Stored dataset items
__________________________________________________

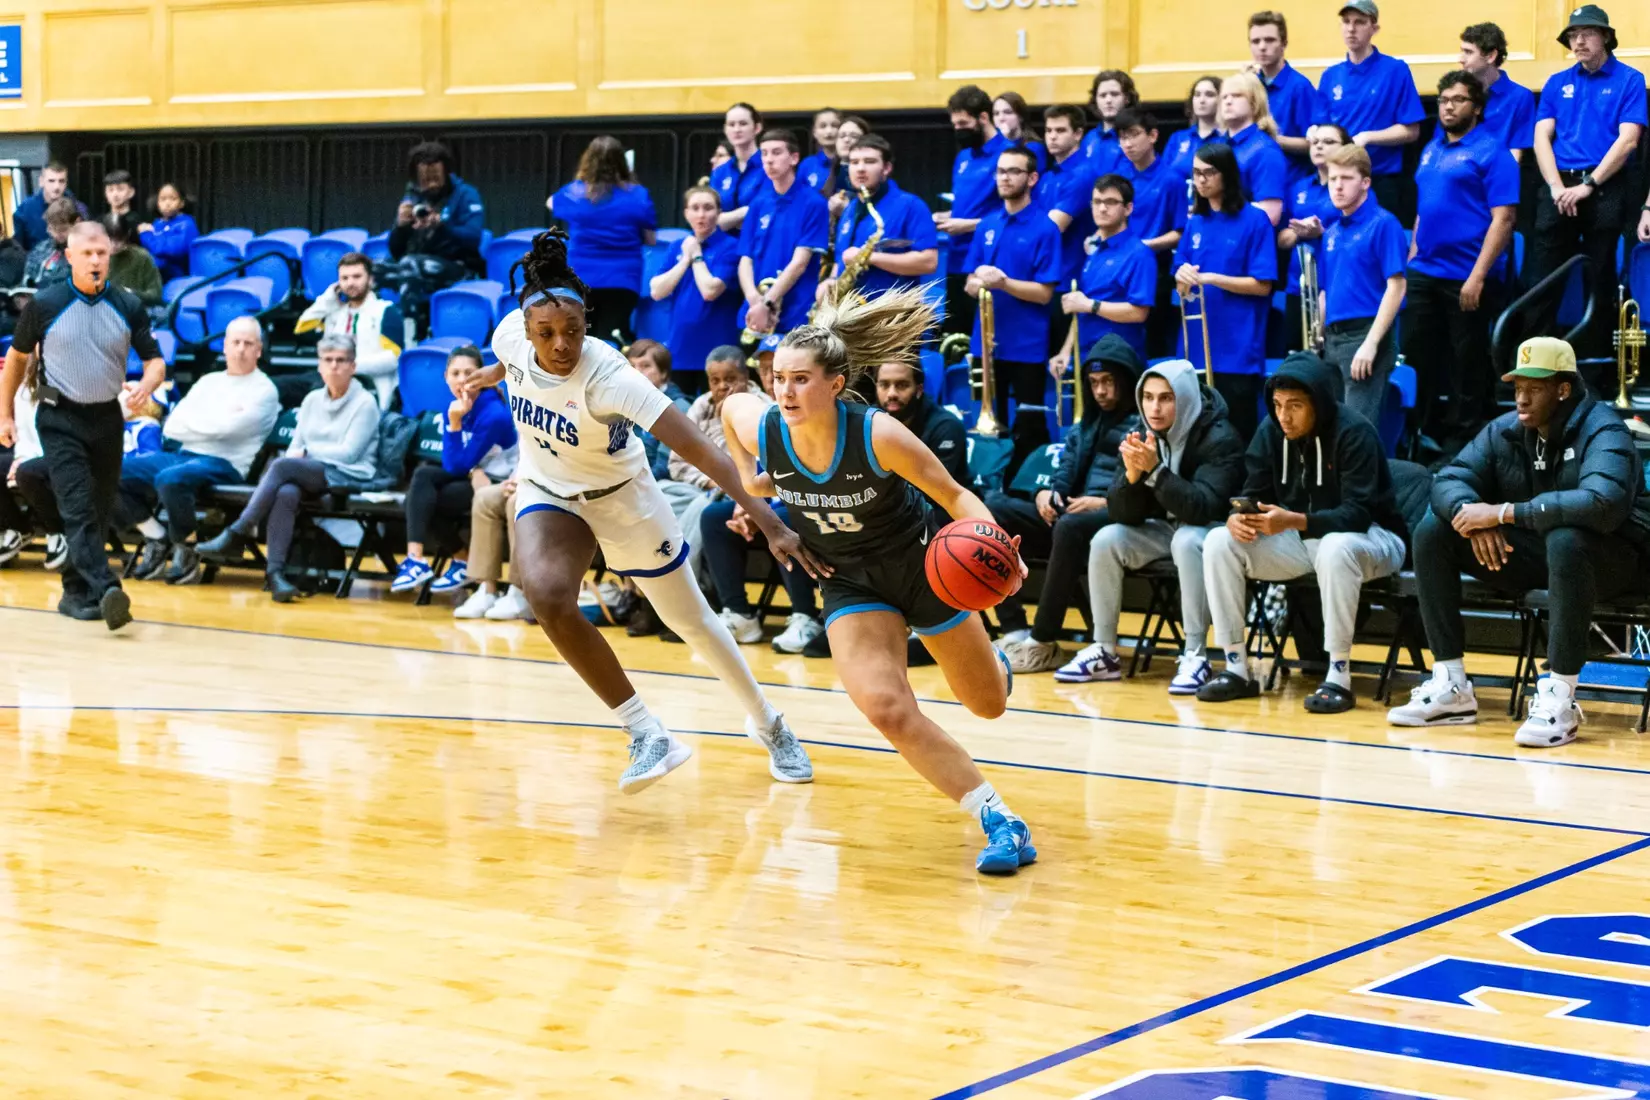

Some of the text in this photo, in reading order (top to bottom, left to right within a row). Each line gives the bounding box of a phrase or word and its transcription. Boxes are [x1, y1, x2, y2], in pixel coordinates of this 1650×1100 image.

[1521, 346, 1531, 364] S
[511, 395, 579, 447] PIRATES
[775, 484, 877, 509] COLUMBIA
[971, 546, 1012, 581] NCAA
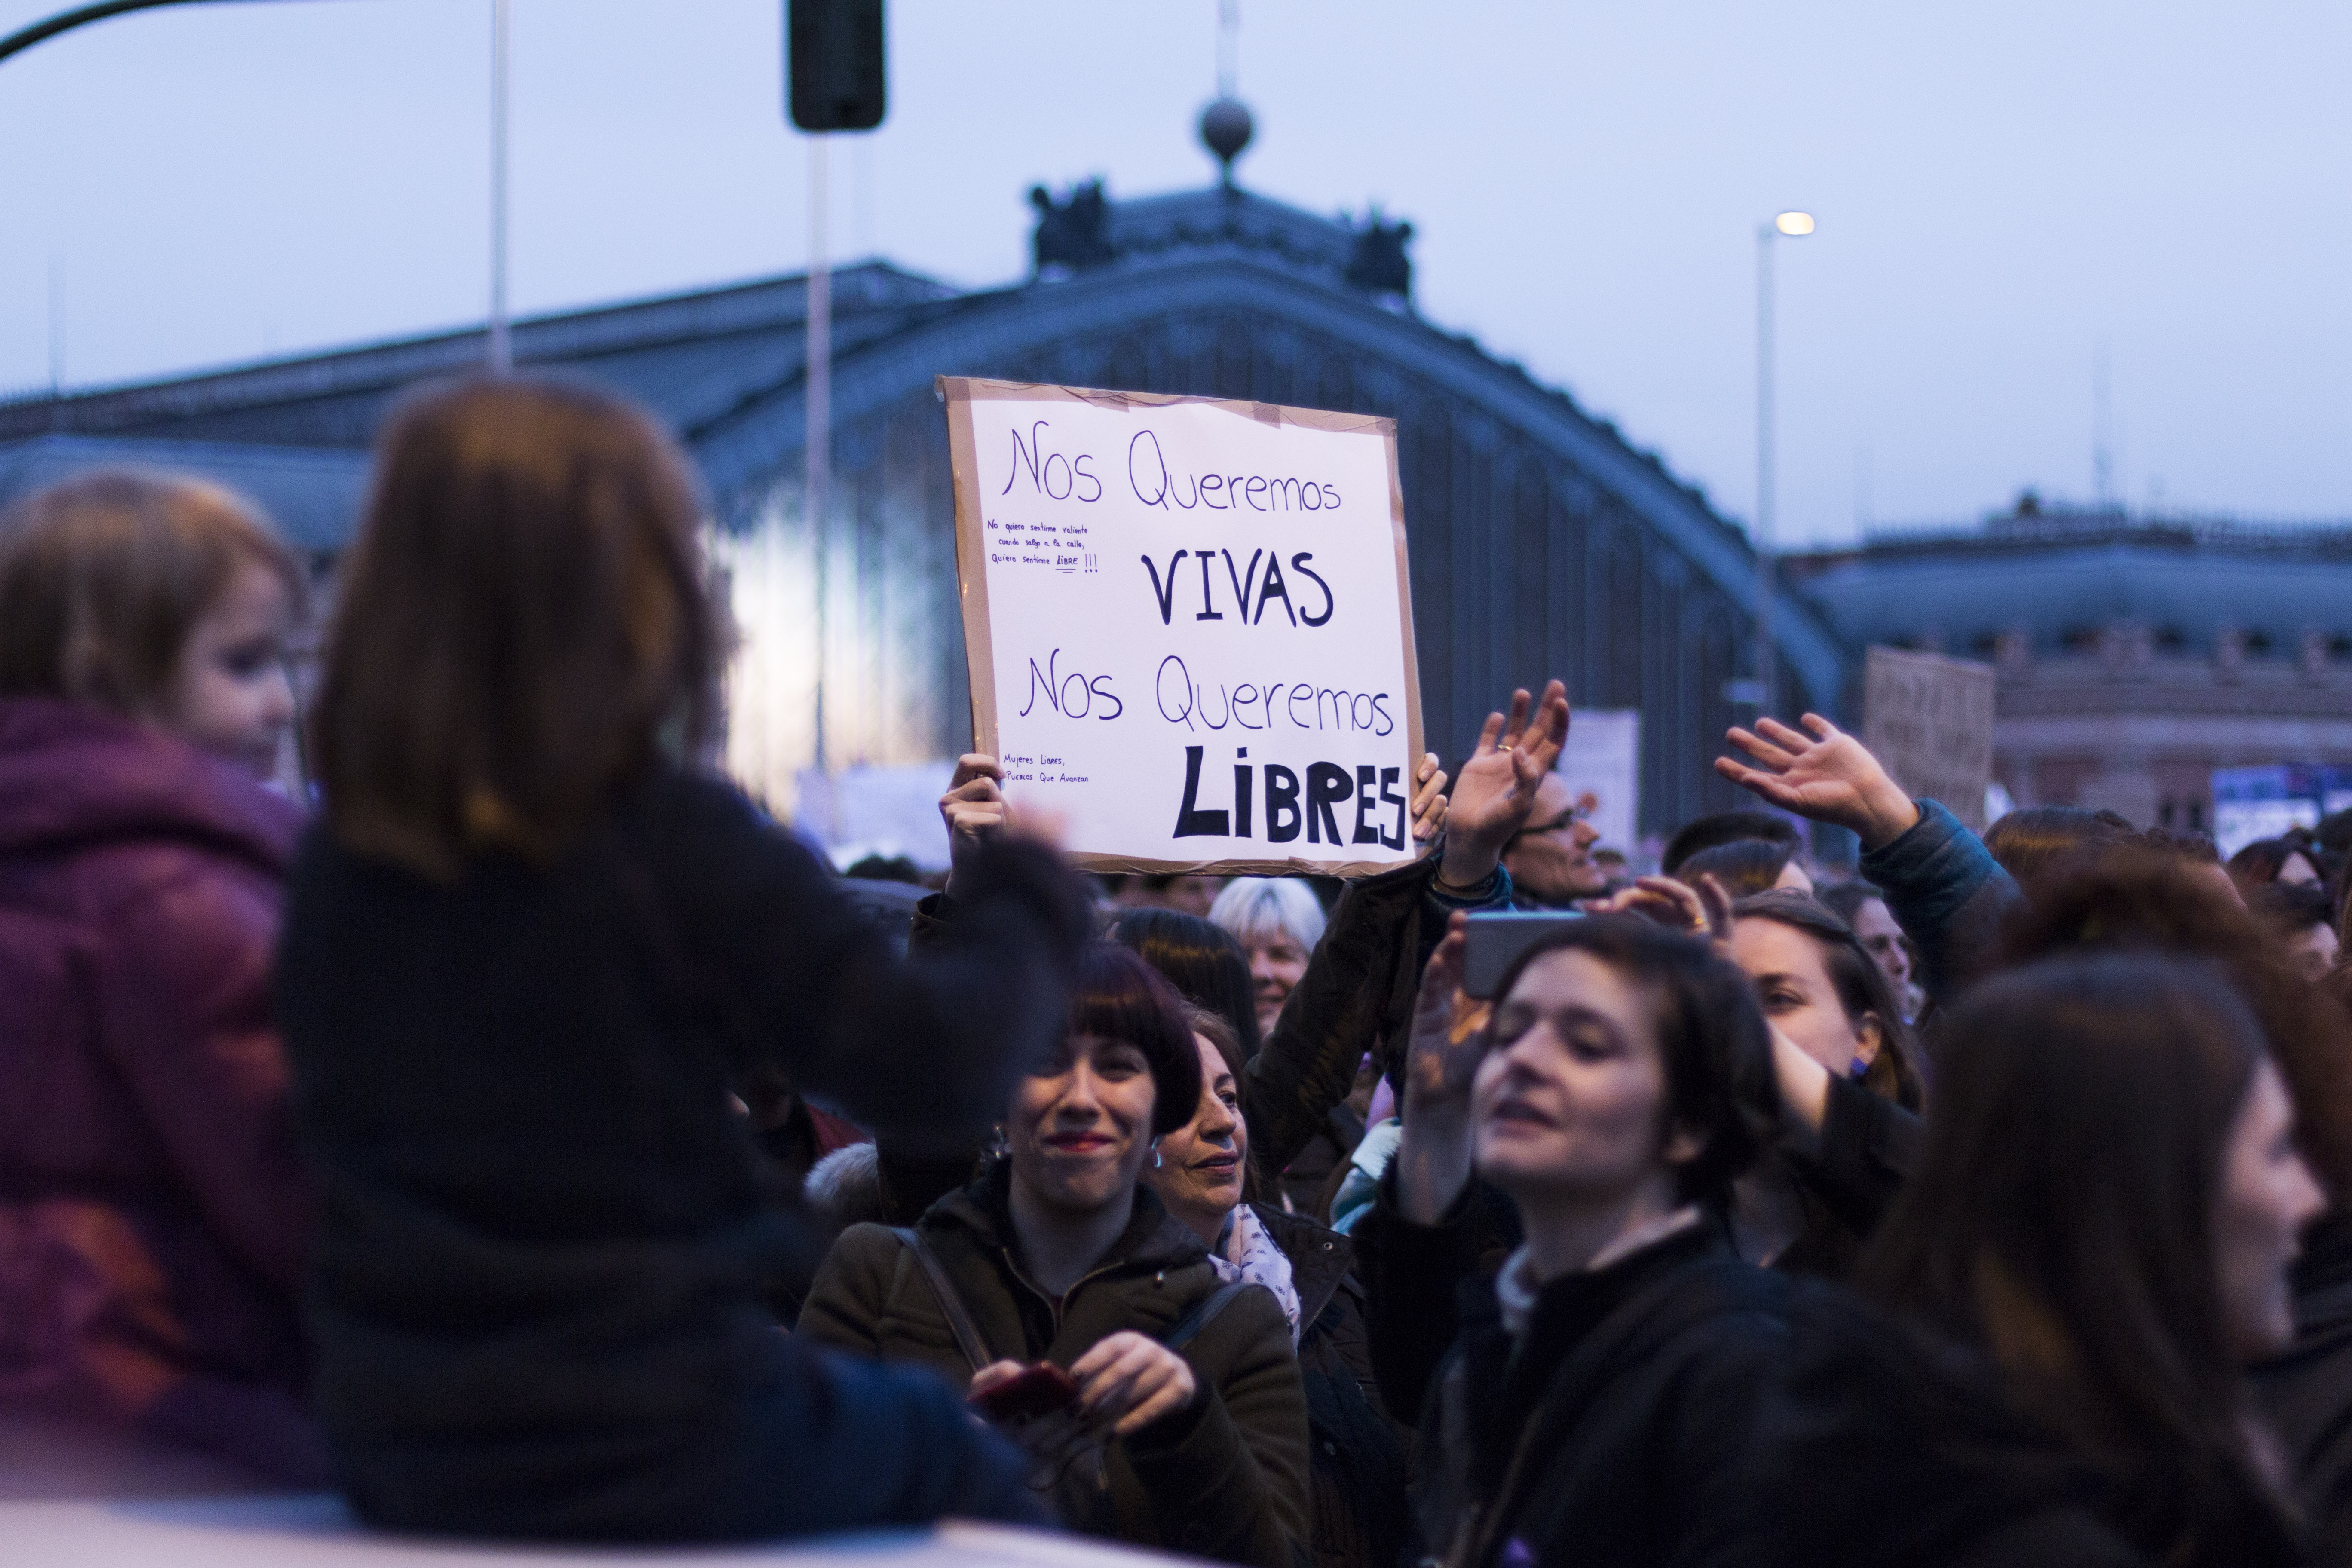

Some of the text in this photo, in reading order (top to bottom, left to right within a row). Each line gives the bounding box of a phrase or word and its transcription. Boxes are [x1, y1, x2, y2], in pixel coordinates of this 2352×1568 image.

[1129, 430, 1341, 511] Queremos
[987, 519, 1088, 534] No quiero sentirme valiente
[998, 537, 1019, 545] cuando
[1025, 538, 1041, 549] salgo
[1053, 539, 1061, 547] la
[1066, 539, 1084, 550] calle,
[992, 553, 1017, 564] Quiero
[1141, 548, 1333, 628] VIVAS
[1157, 655, 1393, 736] Queremos
[1004, 753, 1033, 768] Mujeres
[1039, 772, 1054, 783] Que
[1059, 772, 1088, 783] Avanzan

__________________________________________________

* [Requirement] Start at the line containing "this 2352×1568 image.". Repeat it and each line after it, word for word, to the end of the records.

* [Finished exercise]
Some of the text in this photo, in reading order (top to bottom, left to right within a row). Each line gives the bounding box of a phrase or word and its transcription. Boxes are [x1, y1, x2, y2], in pixel coordinates of this 2352×1568 image.

[1129, 430, 1341, 511] Queremos
[987, 519, 1088, 534] No quiero sentirme valiente
[998, 537, 1019, 545] cuando
[1025, 538, 1041, 549] salgo
[1053, 539, 1061, 547] la
[1066, 539, 1084, 550] calle,
[992, 553, 1017, 564] Quiero
[1141, 548, 1333, 628] VIVAS
[1157, 655, 1393, 736] Queremos
[1004, 753, 1033, 768] Mujeres
[1039, 772, 1054, 783] Que
[1059, 772, 1088, 783] Avanzan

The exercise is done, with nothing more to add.